In Sunday’s paper edition of the Daily Mail, the outlet revealed concerns amongst Western intelligence services about the Wuhan Institute of Virology. At the institute, scientists were manipulating coronavirus samples in April of 2020 from bats that originated in caves nearly 1,000 miles from the lab, the same caves where the COVID-19 virus is suspected to have originated from.

The WHO had initially been criticized for its preferential treatment of China over the pandemic, as well as its acceptance of Beijing's claims that the lab leak theory was merely a "conspiracy theory."

After a lacking of evidence of the "zoonotic" spread of the virus, in which a virus spreads from animals to humans, the organization has adopted a more neutral public stance in regards to the virus’ origins.

Speaking to member states this month on the pandemic, Ghebreyesus admitted that "we do not yet have the answers as to where it came from or how it entered the human population. Understanding the origins of the virus is very important scientifically to prevent future epidemics and pandemics."

"But morally, we also owe it to all those who have suffered and died and their families. The longer it takes, the harder it becomes. We need to speed up and act with a sense of urgency," he continued.

"All hypotheses must remain on the table until we have evidence that enables us to rule certain hypotheses in or out. This makes it all the more urgent that this scientific work be kept separate from politics. The way to prevent politicization is for countries to share data and samples with transparency and without interference from any government. The only way this scientific work can progress successfully is with full collaboration from all countries, including China, where the first cases of SARS-CoV-2 were reported," he added.

The WHO established the Scientific Advisory Group for the Origins of Novel Pathogens (Sago) last year to "outline which studies would be needed to identify the origins of SARS-CoV-2 – as Covid is scientifically known – and to 'create a global framework for studying the origins of emerging and re-emerging pathogens,'" the Daily Mail reported.

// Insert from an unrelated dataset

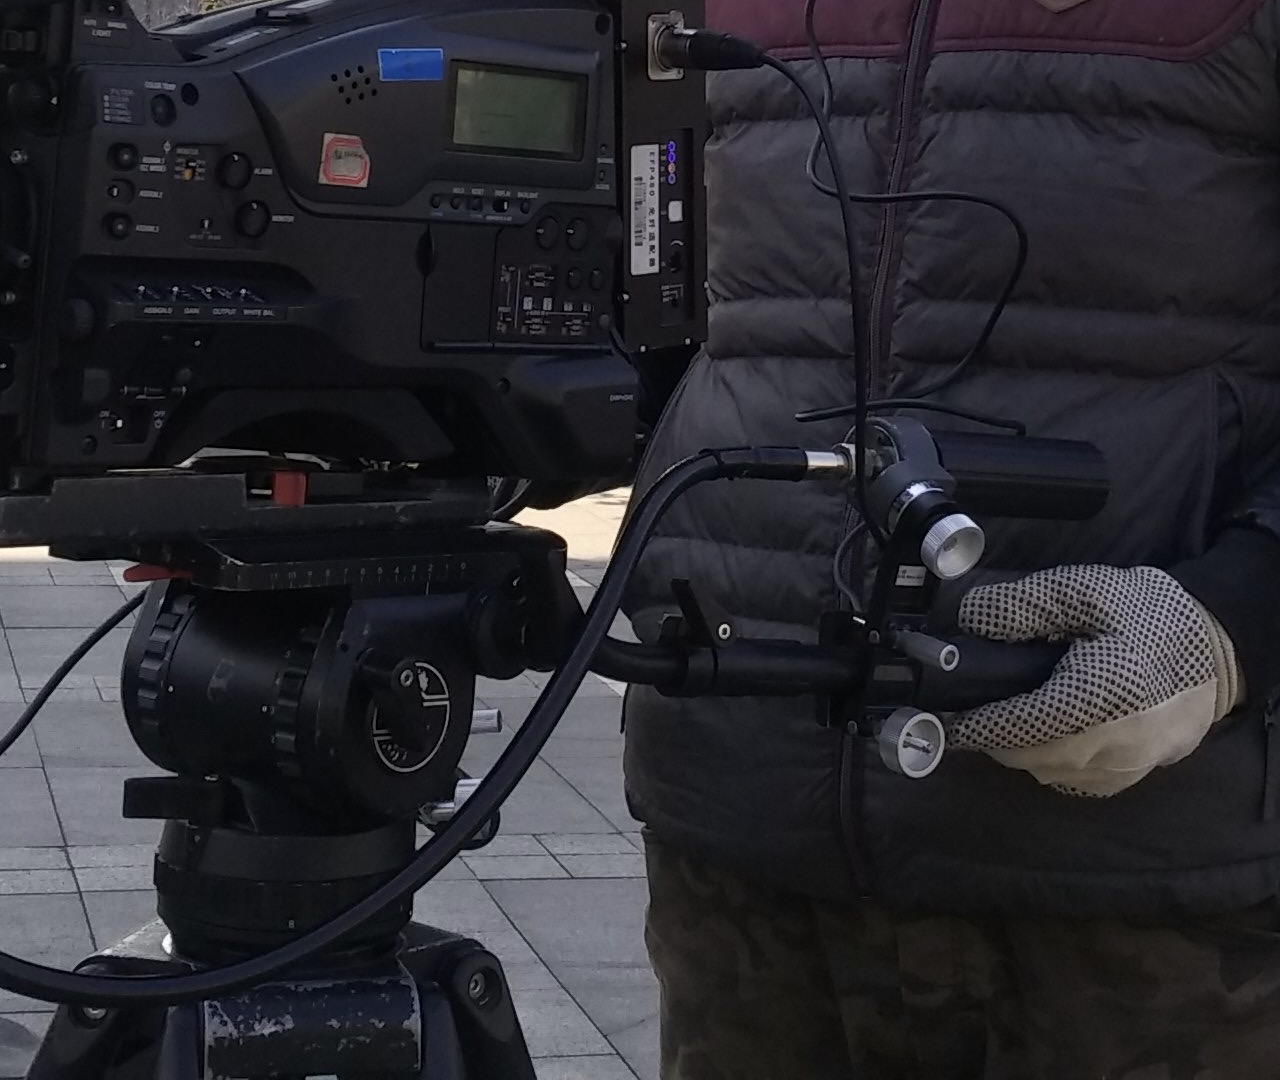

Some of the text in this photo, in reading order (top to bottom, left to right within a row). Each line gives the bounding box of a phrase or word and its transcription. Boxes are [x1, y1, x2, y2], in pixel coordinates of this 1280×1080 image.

[212, 307, 237, 315] OUTPUT
[243, 308, 262, 316] WHITE
[100, 410, 110, 418] ON

The original probe into the virus’ origins resulted in a report that it had probably passed from bats to humans through another unidentified species.

Following this report, 14 nations, including the US, Uk, and Australia, criticized its findings as being compromised, with Ghebreyesus admitting that the report had flaws, and ordered a new one.

In the US earlier this year, Senator Rand Paul grilled NIAID Director Dr. Anthony Fauci on previous emails that he had sent to Dr. Francis Collins, in which Fauci sought to take down epidemiologists that believed COVID-19 came from a lab.

"In an email exchange with Dr. [Francis] Collins you conspire and I quote here directly from the email to create a quick and devastating published takedown of three prominent epidemiologist from Harvard, Oxford and Stanford. (Apparently, there's a lot of fringe epidemiologist at Harvard, Oxford and Stanford.) And you quote in the email that they are from Dr. Collins and you you agree that they are fringe. Immediately as this takedown ethic," Paul critiqued.

"A published takedown, though," Paul continued, "you know, doesn't exactly conjure up the image of a dispassionate scientist. Instead of engaging them on the merits you and Dr. Collins sought to smear them is fringe and take them down. And not in journals, in lay press. This is not only antithetical to the scientific method; it's cheap politics and it's reprehensible, Dr. Fauci. Do you really think it's appropriate to use your $420,000 salary to attack scientists that disagree with you?"